This is not to suggest the district's system isn't problematic, because it clearly creates a lot of turmoil. But I'm wondering if principals are exacerbating the problem by going full steam ahead even in the face of uncertainty? I'm not trying to blame, just trying to understand.

HF
Anonymous said…
Melissa: I don't see how you and the commenters here can be so convinced that the main enrollment issues were not strike-related. Everyone posting so far has ignored the Superintendent's claim that the previous year they had about 350 transfers out of district and this year they had over 1000.

If it wasn't the strike, what other explanation is there for that sudden year-over-year change?

PB
Anonymous said…
@ HF
At attendance area schools, there are always some no-shows in the first few weeks of school. Some students may have moved out of District, moved elsewhere in the District, chosen an out-of-district school, etc... Some of these situations could be tracked by SPS, but some just don't show up, and those are hard to plan for. A Principal isn't going to know about them until school starts. I think most principals are conservative in their staffing because of this. It is my impression that option schools have fewer no-shows, due to the open enrollment process.

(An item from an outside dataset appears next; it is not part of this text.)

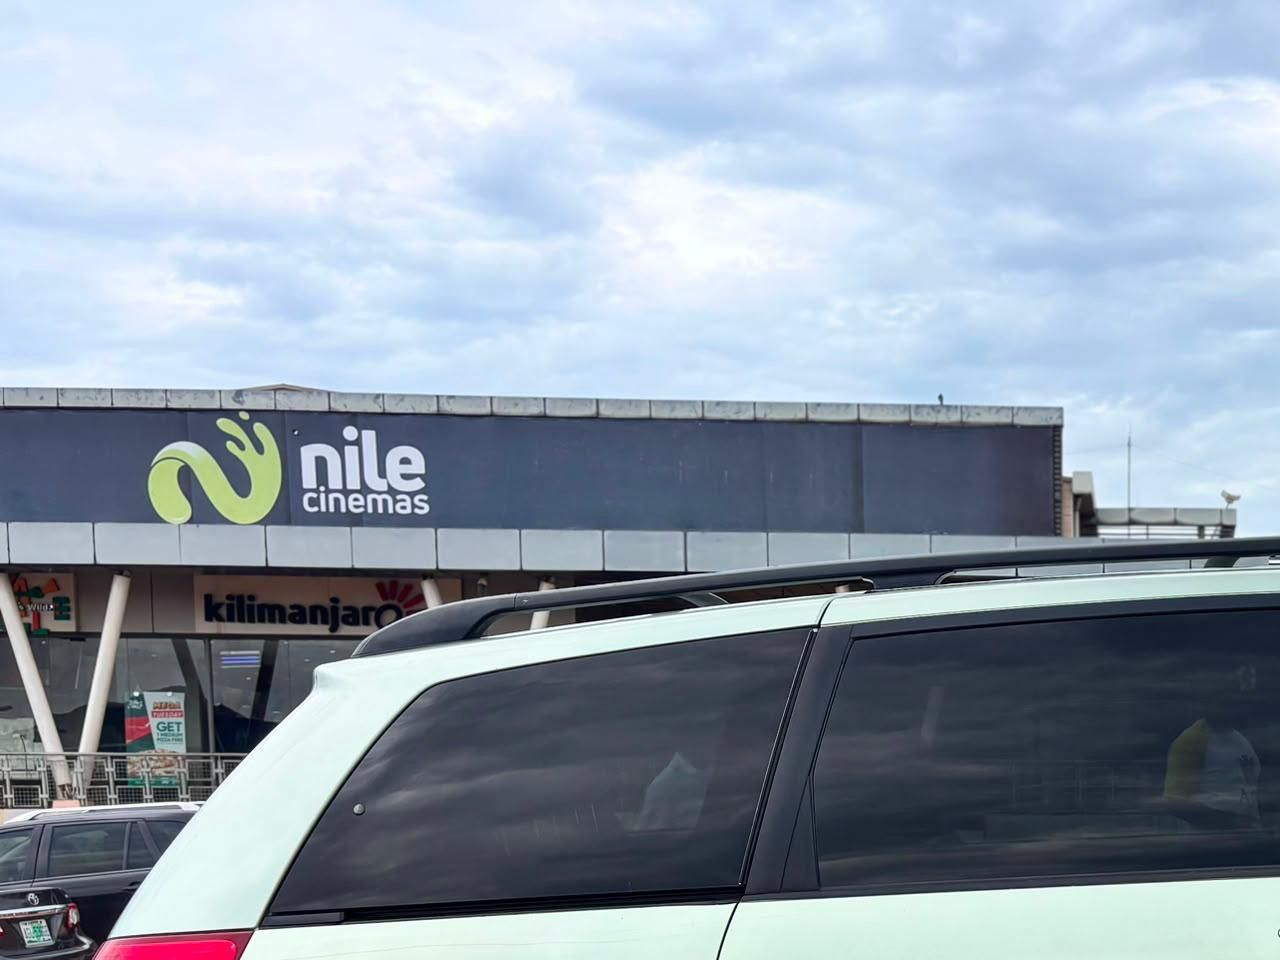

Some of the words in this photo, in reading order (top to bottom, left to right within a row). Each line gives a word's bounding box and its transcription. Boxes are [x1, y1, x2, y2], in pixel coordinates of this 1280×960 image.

What irks me is when wait lists are moved at the last minute (just prior to the Oct 1 count), and this wait list movement results in enrollment losses large-enough to trigger staffing pulls. SPS should NOT be creating enrollment deficits by moving wait lists.

- North-end Mom

Anonymous said…
Tired Optimist,
No one is stopping you from continuing to advocate for your school. Instead of anonymous name calling on a blog (gullible PTSA), why don't you contact the PTSA reps. Families are the PTSA (along with teachers). If families want to do more/change course/etc, the PTSA will do it. It's a representative organization, there's no magic, just a bunch of parents working to do their best for/with the school and kids... Everyone has a different definition of best. More feedback means more informed decision making. There's a board meeting on Monday in the library and email addresses went out yesterday via school messenger.

HabitualReader

Anonymous said…
@ North-end Mom, if something is "always" that way, shouldn't it be easier to plan for? If the district projects and budgets based on 800 in the spring, but you have 750 enrolled in Aug, and you know you always have no-shows, hire based on a number lower than that projected 800. But it sounds like you think principals are already conservative in their staffing. If that's the case, a school losing 2.4 FTE now is losing 2.4 from a total staff that was already under the budgeted staffing, so this would be an ever greater cut from the projection? So the 2.4 to cut might actually represent a 3FTE reduction from budget?

HF
Anonymous said…
"If it wasn't the strike, what other explanation is there for that sudden year-over-year change?"

Hmm....

Could it be the ridiculous 3-tier busing system? Maybe those living at the fringes of the District are tired of the long bus rides, and have decided it is worth looking elsewhere?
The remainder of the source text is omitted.